Excerpts from a dataset
——

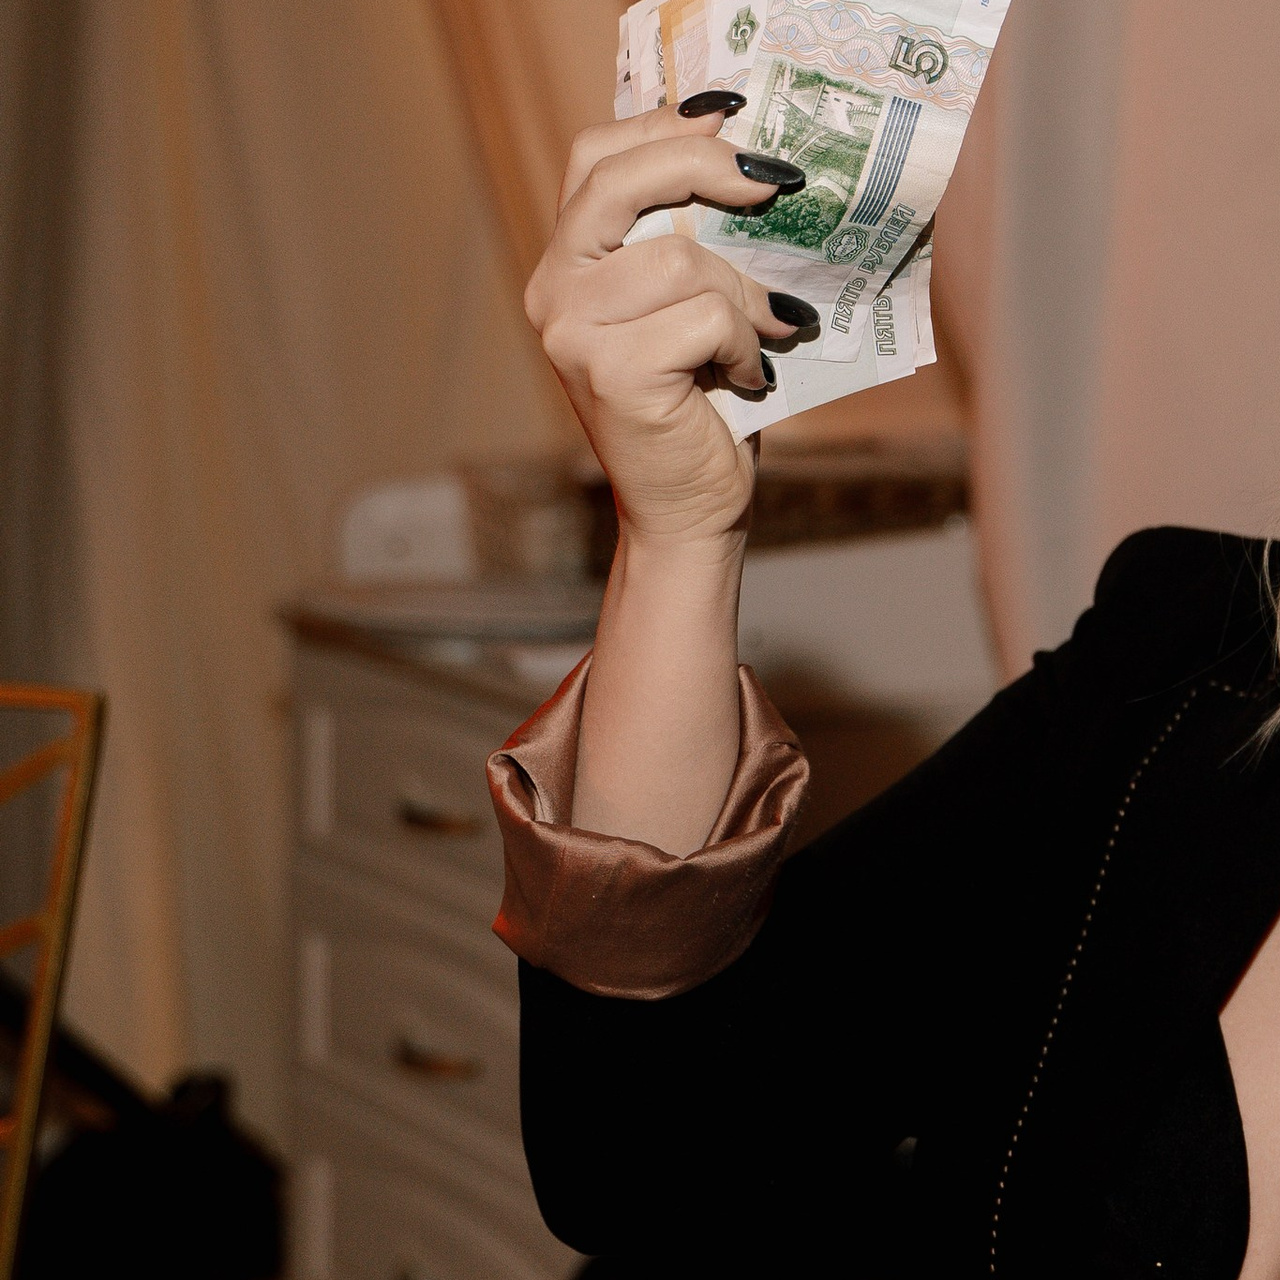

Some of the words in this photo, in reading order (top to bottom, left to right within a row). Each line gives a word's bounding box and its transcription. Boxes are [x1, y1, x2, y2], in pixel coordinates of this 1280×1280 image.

[731, 24, 752, 42] 5
[888, 35, 949, 85] 5
[831, 276, 868, 334] ПЯТЬ
[858, 202, 917, 275] РУБЛЕЙ
[871, 294, 897, 356] ПЯТЬ

——

PROMPT
Could you retype all the entries exactly, skipping the pictures?

EXERCISE RESULT
Some of the words in this photo, in reading order (top to bottom, left to right within a row). Each line gives a word's bounding box and its transcription. Boxes are [x1, y1, x2, y2], in pixel coordinates of this 1280×1280 image.

[731, 24, 752, 42] 5
[888, 35, 949, 85] 5
[831, 276, 868, 334] ПЯТЬ
[858, 202, 917, 275] РУБЛЕЙ
[871, 294, 897, 356] ПЯТЬ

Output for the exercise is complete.